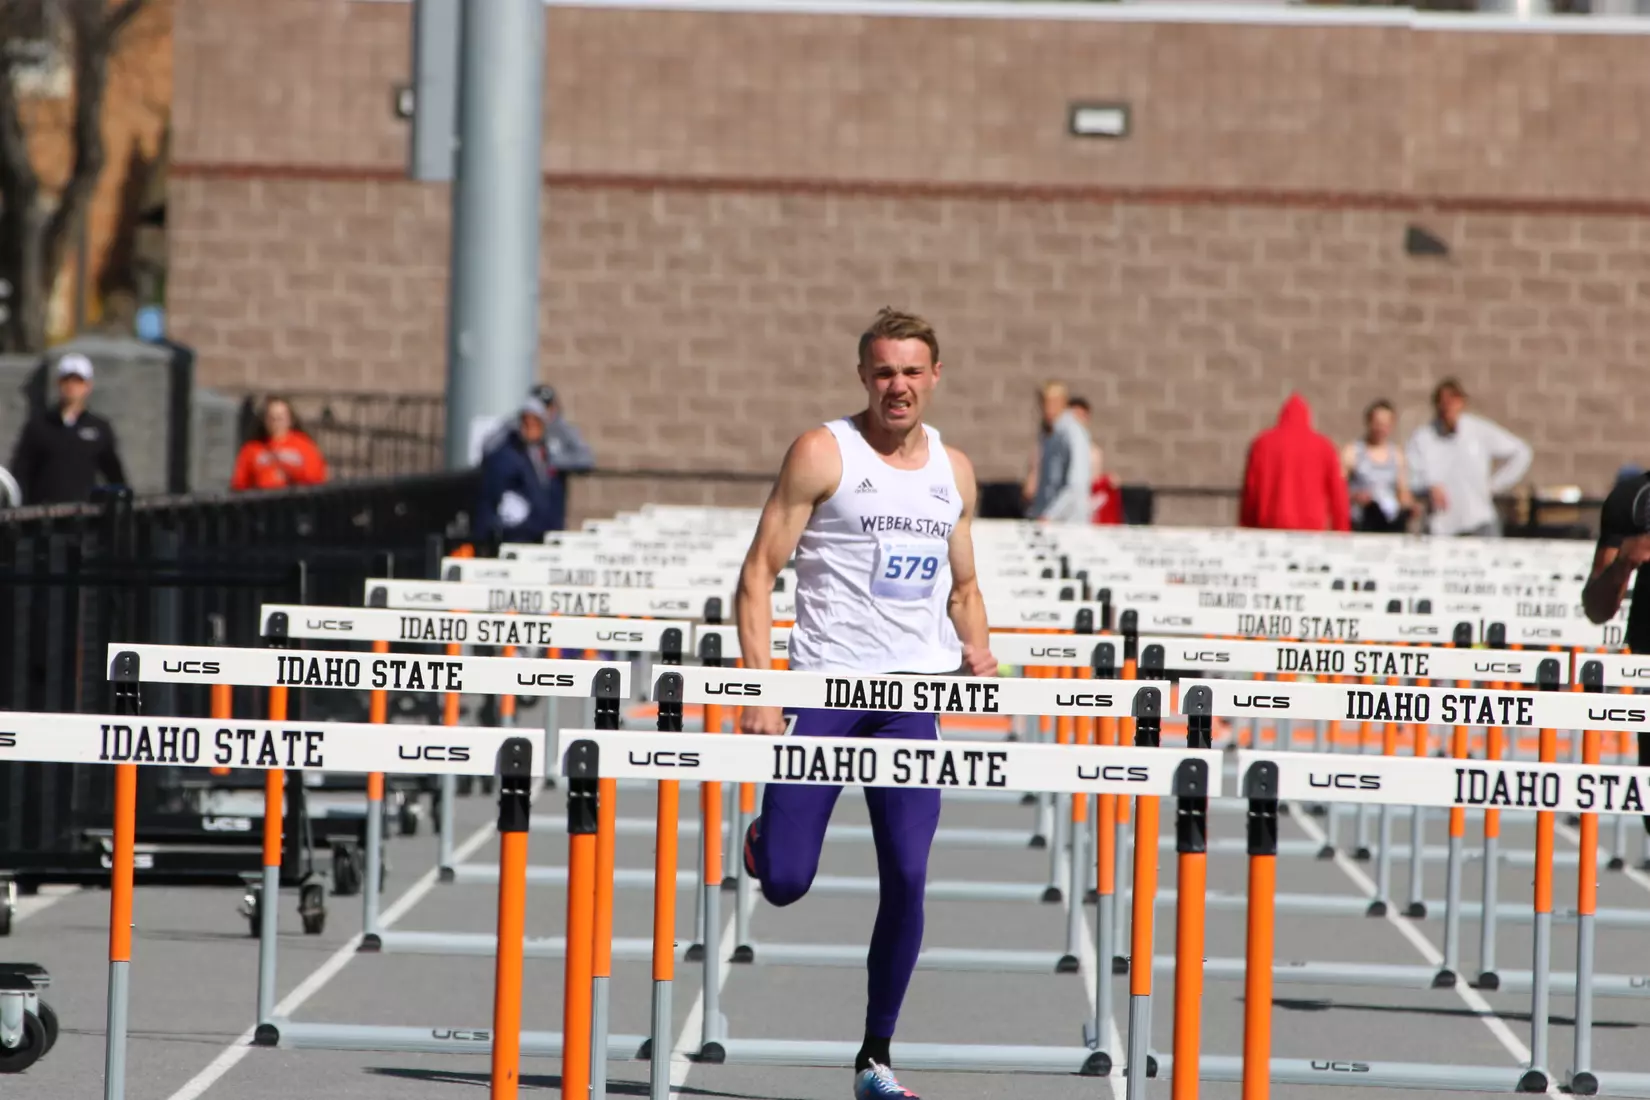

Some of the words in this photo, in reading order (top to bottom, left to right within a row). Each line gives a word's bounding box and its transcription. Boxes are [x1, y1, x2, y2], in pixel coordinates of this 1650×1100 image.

[860, 516, 911, 533] WEBER
[885, 555, 938, 580] 579
[488, 590, 542, 611] IDAHO
[551, 593, 611, 614] STATE
[306, 618, 353, 631] UCS
[400, 617, 468, 641] IDAHO
[478, 621, 552, 645] STATE
[1237, 614, 1292, 635] IDAHO
[1300, 617, 1360, 639] STATE
[596, 630, 643, 643] UCS
[1030, 647, 1077, 658] UCS
[1183, 651, 1230, 663] UCS
[163, 660, 220, 675] UCS
[1276, 648, 1345, 671] IDAHO
[1355, 652, 1429, 676] STATE
[1474, 662, 1522, 674] UCS
[277, 656, 360, 686] IDAHO
[372, 659, 463, 691] STATE
[517, 673, 574, 687] UCS
[1621, 667, 1650, 678] UC
[704, 682, 762, 696] UCS
[825, 678, 903, 709] IDAHO
[913, 681, 999, 712] STATE
[1056, 694, 1113, 707] UCS
[1233, 694, 1290, 708] UCS
[1346, 691, 1430, 721] IDAHO
[1442, 695, 1533, 725] STATE
[1588, 708, 1645, 722] UCS
[100, 725, 199, 761] IDAHO
[214, 729, 324, 767] STATE
[398, 745, 470, 761] UCS
[629, 751, 700, 767] UCS
[772, 745, 877, 783] IDAHO
[893, 749, 1007, 787] STATE
[1077, 765, 1149, 782] UCS
[1309, 773, 1381, 790] UCS
[1455, 769, 1560, 807] IDAHO
[1577, 774, 1650, 811] STA
[101, 853, 154, 869] US
[431, 1029, 490, 1041] UCS
[1311, 1060, 1369, 1072] UCS
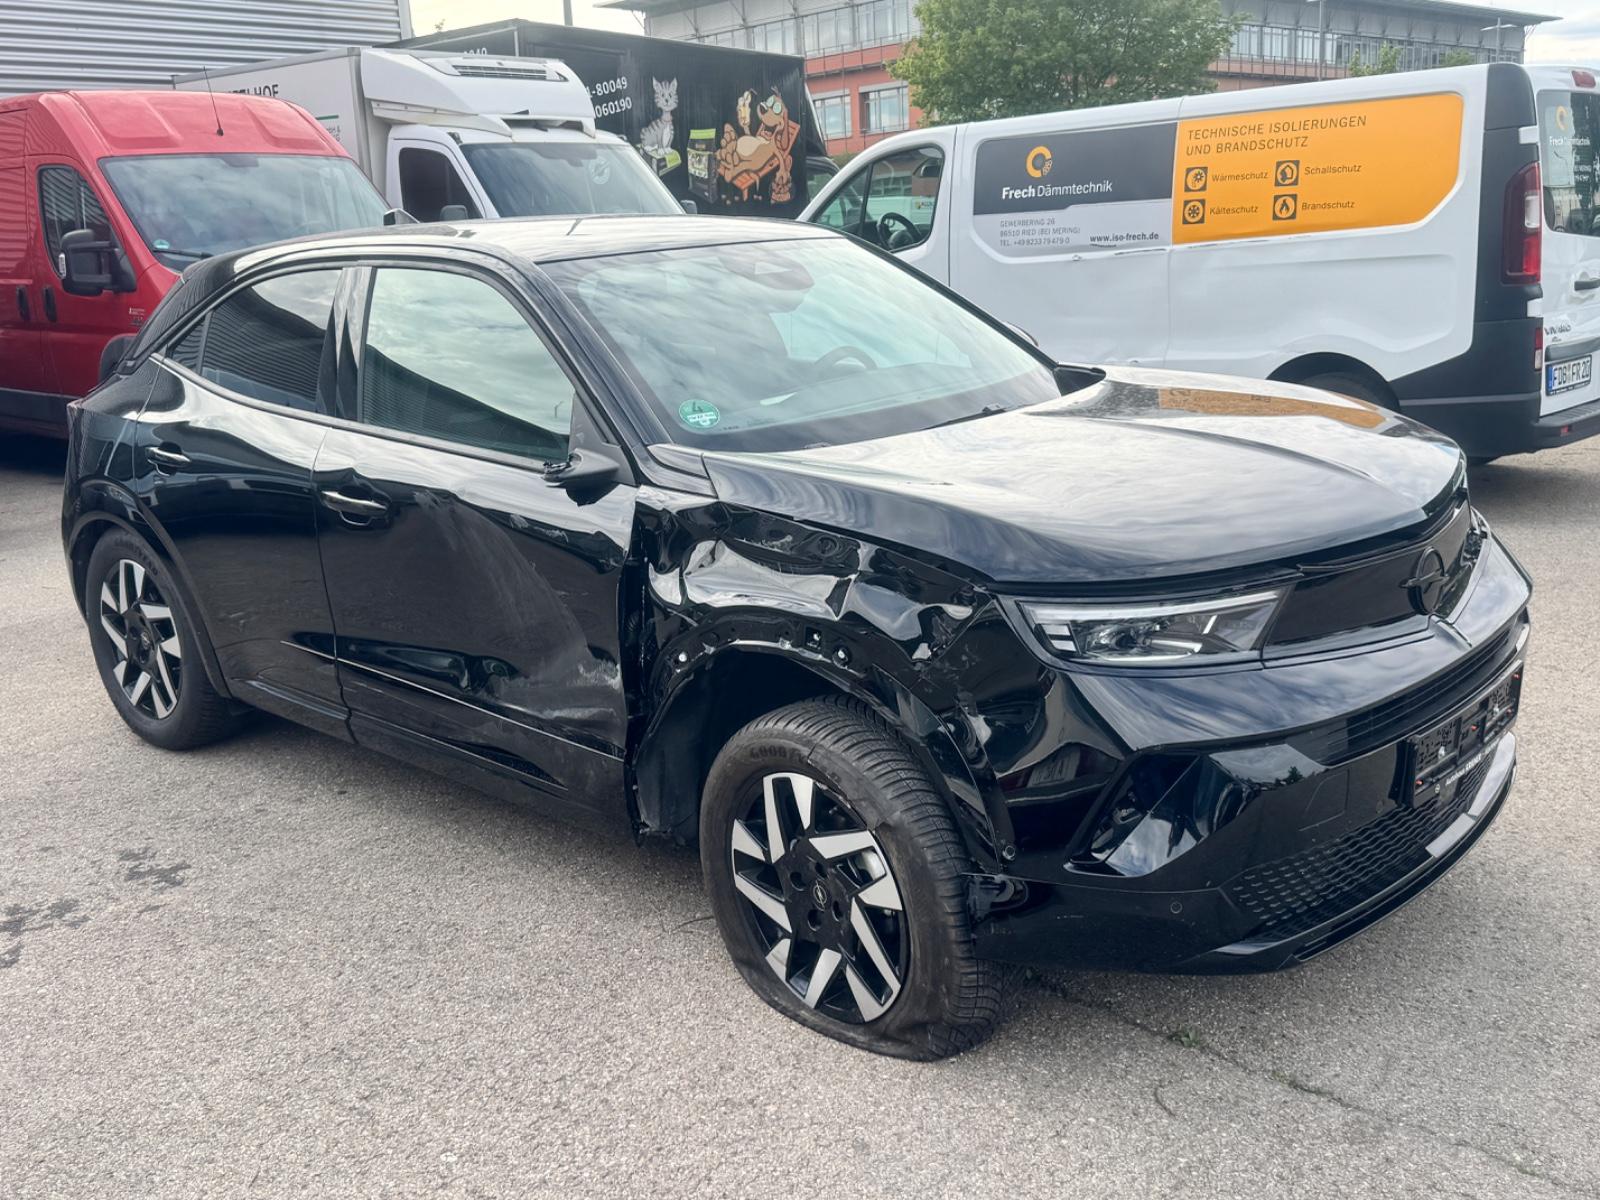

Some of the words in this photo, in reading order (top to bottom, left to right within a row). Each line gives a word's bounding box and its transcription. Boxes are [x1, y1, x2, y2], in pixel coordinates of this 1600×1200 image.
************
Without the pictures, repeat every line of the material above exactly.

FINAL ANSWER:
Some of the words in this photo, in reading order (top to bottom, left to right within a row). Each line gives a word's bounding box and its transcription. Boxes are [x1, y1, x2, y2], in pixel coordinates of this 1650×1100 image.

[860, 516, 911, 533] WEBER
[885, 555, 938, 580] 579
[488, 590, 542, 611] IDAHO
[551, 593, 611, 614] STATE
[306, 618, 353, 631] UCS
[400, 617, 468, 641] IDAHO
[478, 621, 552, 645] STATE
[1237, 614, 1292, 635] IDAHO
[1300, 617, 1360, 639] STATE
[596, 630, 643, 643] UCS
[1030, 647, 1077, 658] UCS
[1183, 651, 1230, 663] UCS
[163, 660, 220, 675] UCS
[1276, 648, 1345, 671] IDAHO
[1355, 652, 1429, 676] STATE
[1474, 662, 1522, 674] UCS
[277, 656, 360, 686] IDAHO
[372, 659, 463, 691] STATE
[517, 673, 574, 687] UCS
[1621, 667, 1650, 678] UC
[704, 682, 762, 696] UCS
[825, 678, 903, 709] IDAHO
[913, 681, 999, 712] STATE
[1056, 694, 1113, 707] UCS
[1233, 694, 1290, 708] UCS
[1346, 691, 1430, 721] IDAHO
[1442, 695, 1533, 725] STATE
[1588, 708, 1645, 722] UCS
[100, 725, 199, 761] IDAHO
[214, 729, 324, 767] STATE
[398, 745, 470, 761] UCS
[629, 751, 700, 767] UCS
[772, 745, 877, 783] IDAHO
[893, 749, 1007, 787] STATE
[1077, 765, 1149, 782] UCS
[1309, 773, 1381, 790] UCS
[1455, 769, 1560, 807] IDAHO
[1577, 774, 1650, 811] STA
[101, 853, 154, 869] US
[431, 1029, 490, 1041] UCS
[1311, 1060, 1369, 1072] UCS

Some of the words in this photo, in reading order (top to bottom, left to right within a row). Each line gives a word's bounding box and its transcription. Boxes are [x1, y1, x2, y2], in pixel coordinates of this 1600×1200 image.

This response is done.